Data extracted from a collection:

———

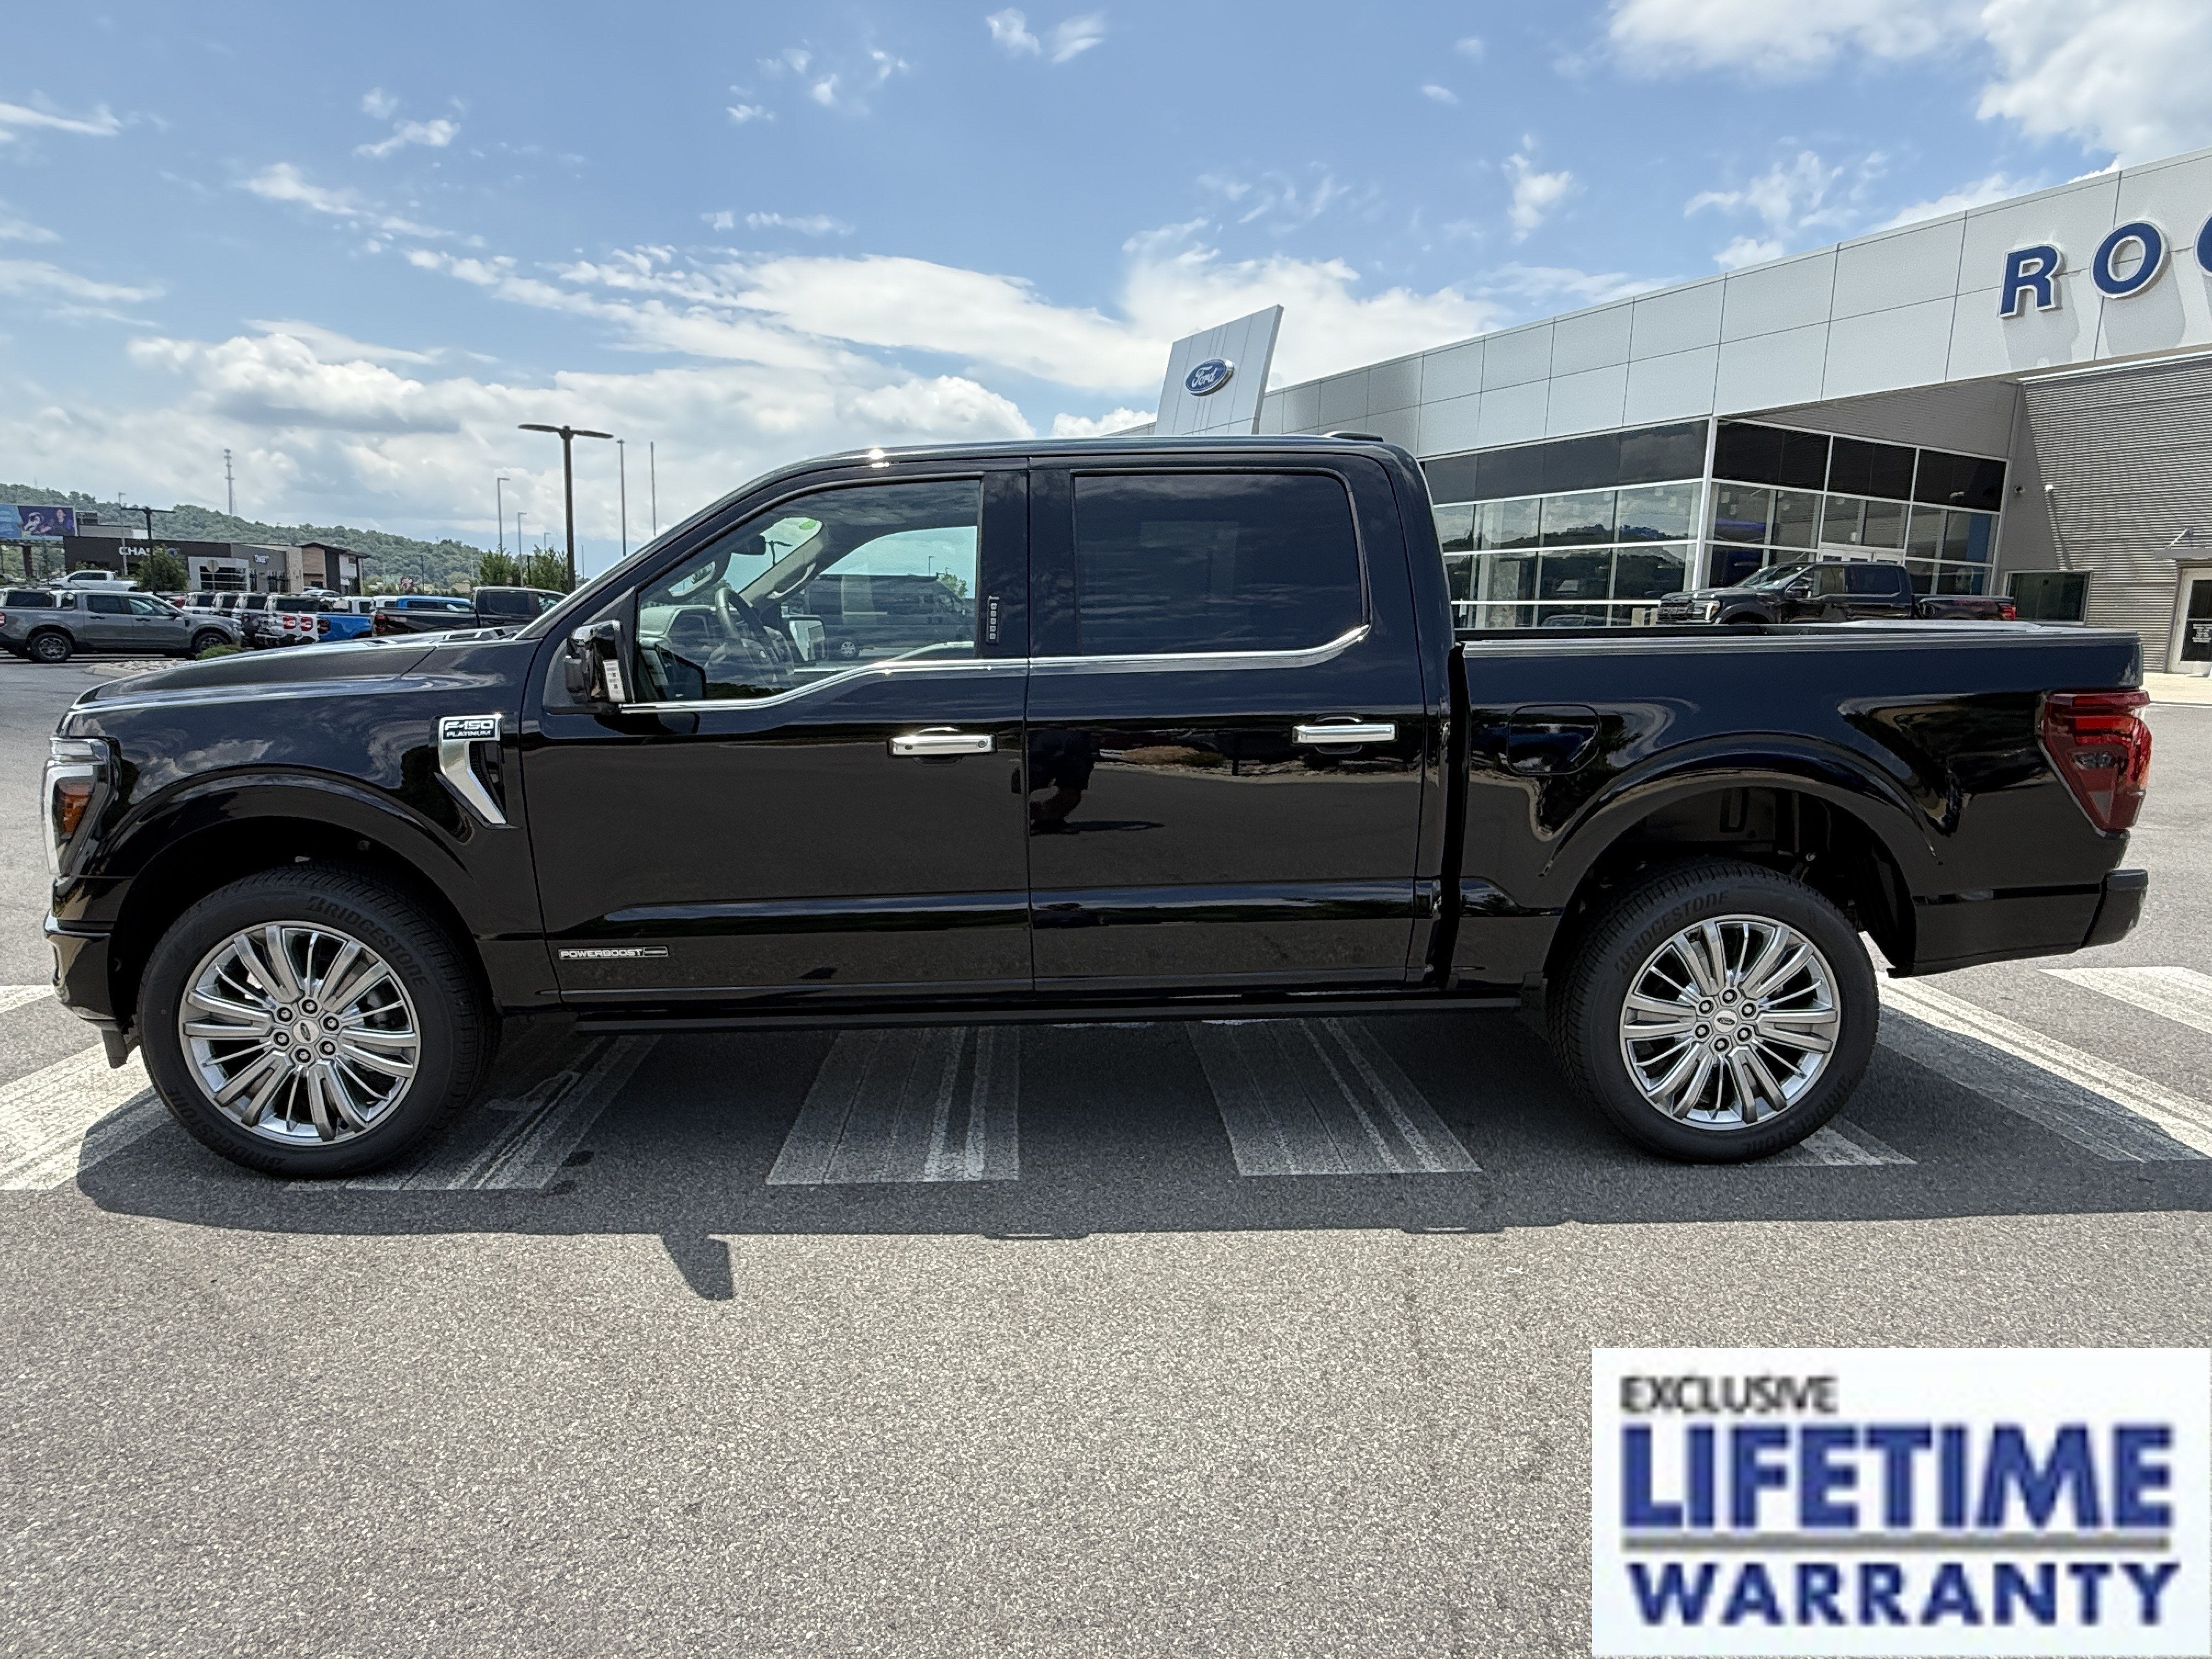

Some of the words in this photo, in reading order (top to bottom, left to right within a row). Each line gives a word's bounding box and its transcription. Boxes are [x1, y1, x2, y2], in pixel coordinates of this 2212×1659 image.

[1997, 210, 2212, 318] RO
[1192, 365, 1218, 388] Ford
[444, 720, 494, 731] F-150
[306, 895, 430, 988] BRIDGESTONE
[561, 949, 643, 958] POWERBOOST
[1614, 890, 1728, 974] BRIDGESTONE
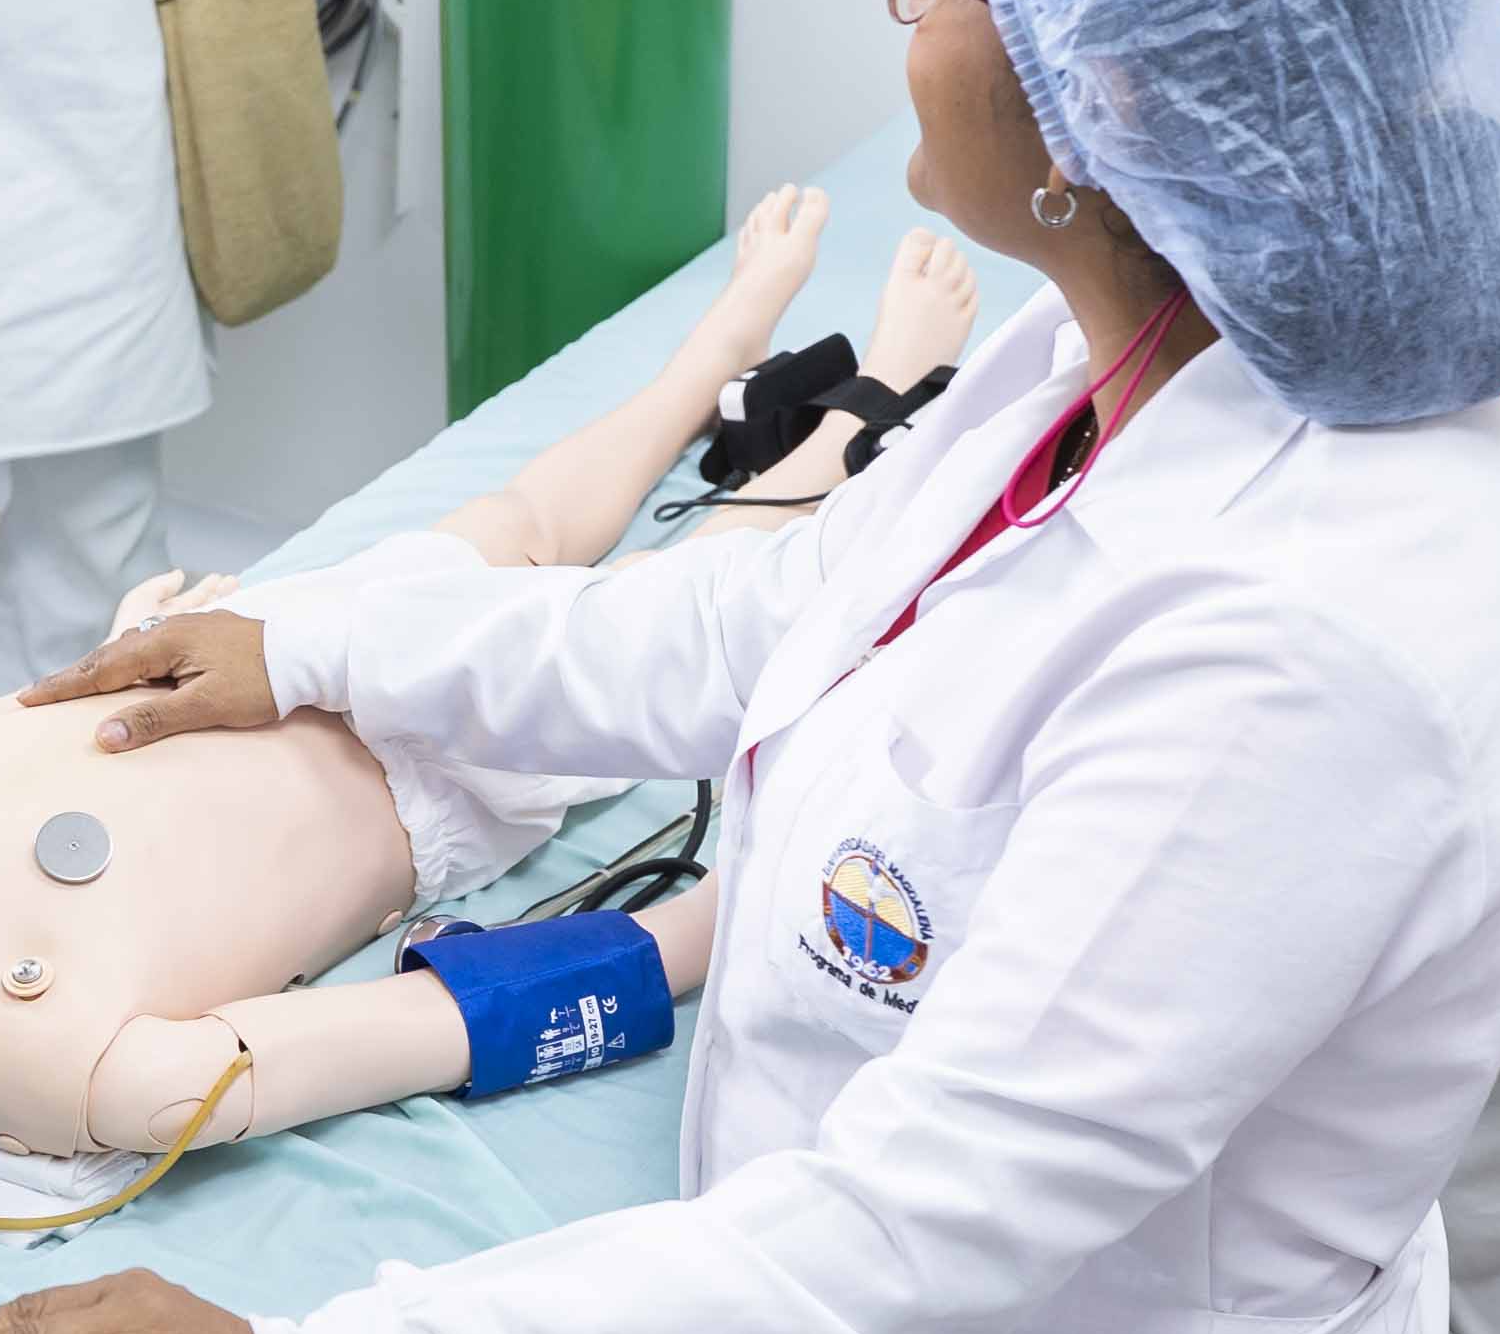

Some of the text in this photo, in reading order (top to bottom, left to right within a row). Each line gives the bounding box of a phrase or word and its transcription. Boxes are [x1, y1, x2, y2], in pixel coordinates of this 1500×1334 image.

[888, 863, 935, 941] MAGDALENA
[798, 934, 852, 988] Programa
[859, 982, 876, 998] de
[844, 946, 894, 980] 1962
[585, 998, 595, 1014] cm
[588, 1018, 599, 1044] 19-27
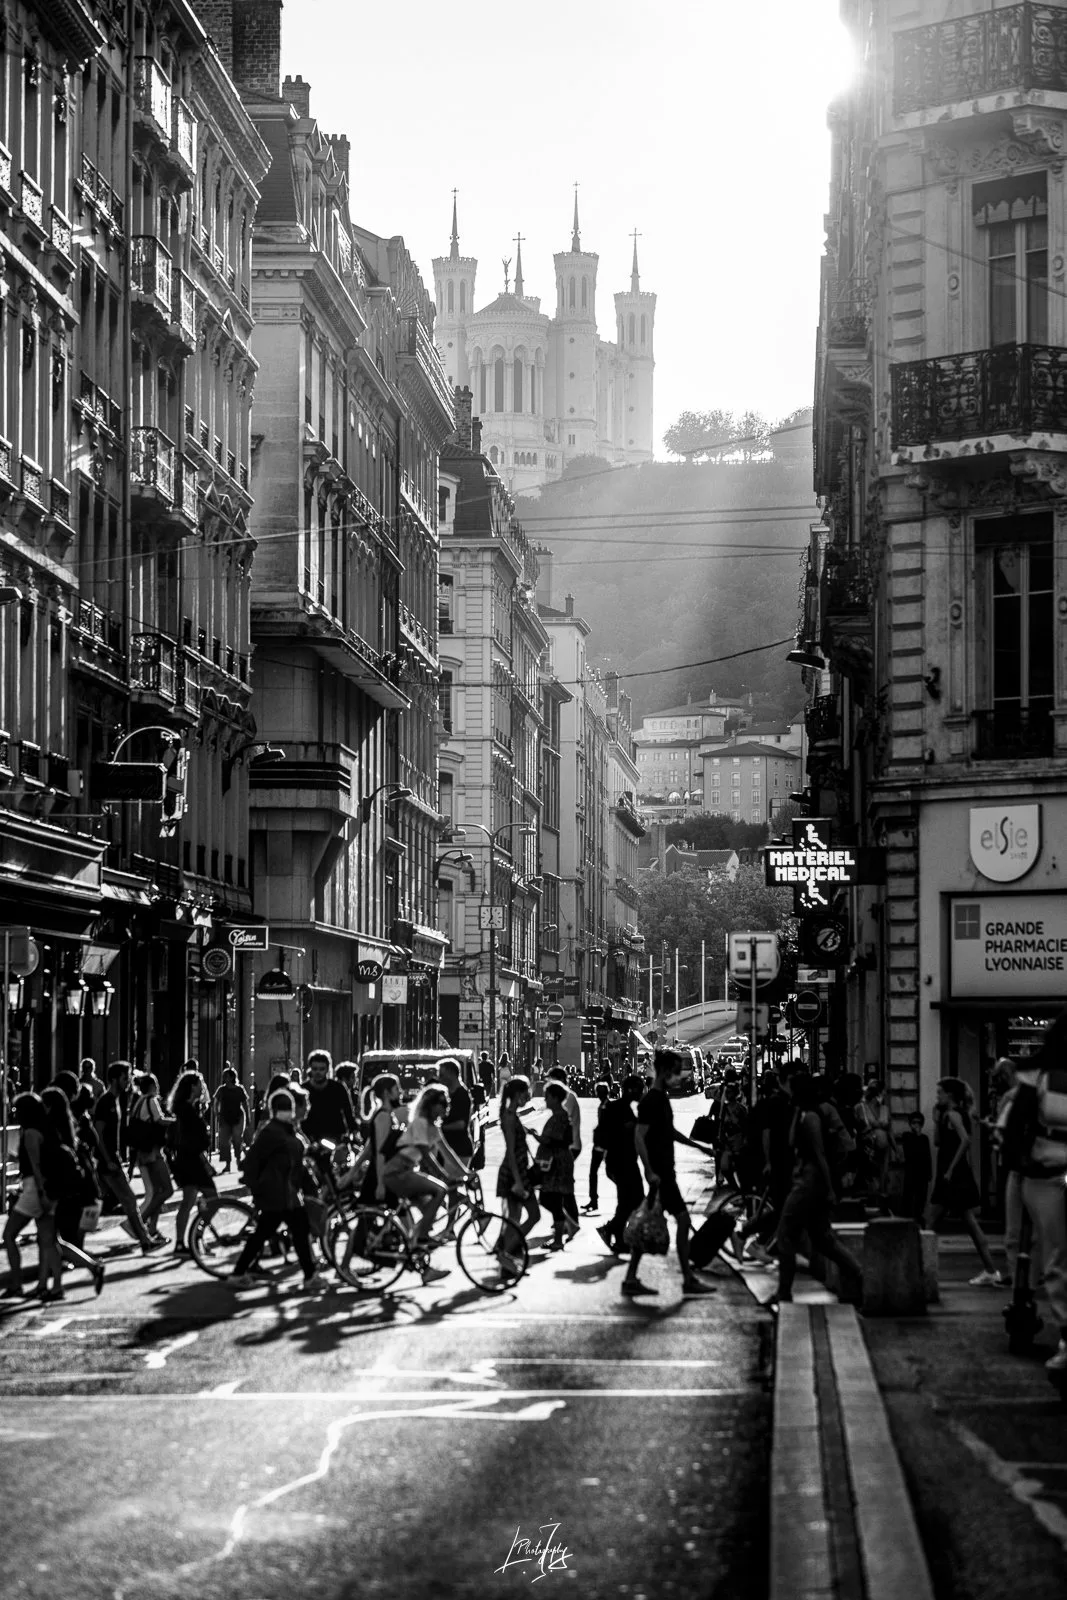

———

→ Exercise requirements
Leave the pictures out and write out every entry exactly as given.

→ Your solution
Some of the words in this photo, in reading order (top to bottom, left to right within a row). Each line gives a word's bounding box and its transcription. Boxes are [x1, y1, x2, y2], in pixel coordinates of this 2212×1659 image.

[1997, 210, 2212, 318] RO
[1192, 365, 1218, 388] Ford
[444, 720, 494, 731] F-150
[306, 895, 430, 988] BRIDGESTONE
[561, 949, 643, 958] POWERBOOST
[1614, 890, 1728, 974] BRIDGESTONE

Some of the text in this photo, in reading order (top to bottom, left to right within a row). Each line gives the bounding box of a phrase or word and its transcription. Boxes are [x1, y1, x2, y2], in pixel coordinates of this 1500×1334 image.

[888, 863, 935, 941] MAGDALENA
[798, 934, 852, 988] Programa
[859, 982, 876, 998] de
[844, 946, 894, 980] 1962
[585, 998, 595, 1014] cm
[588, 1018, 599, 1044] 19-27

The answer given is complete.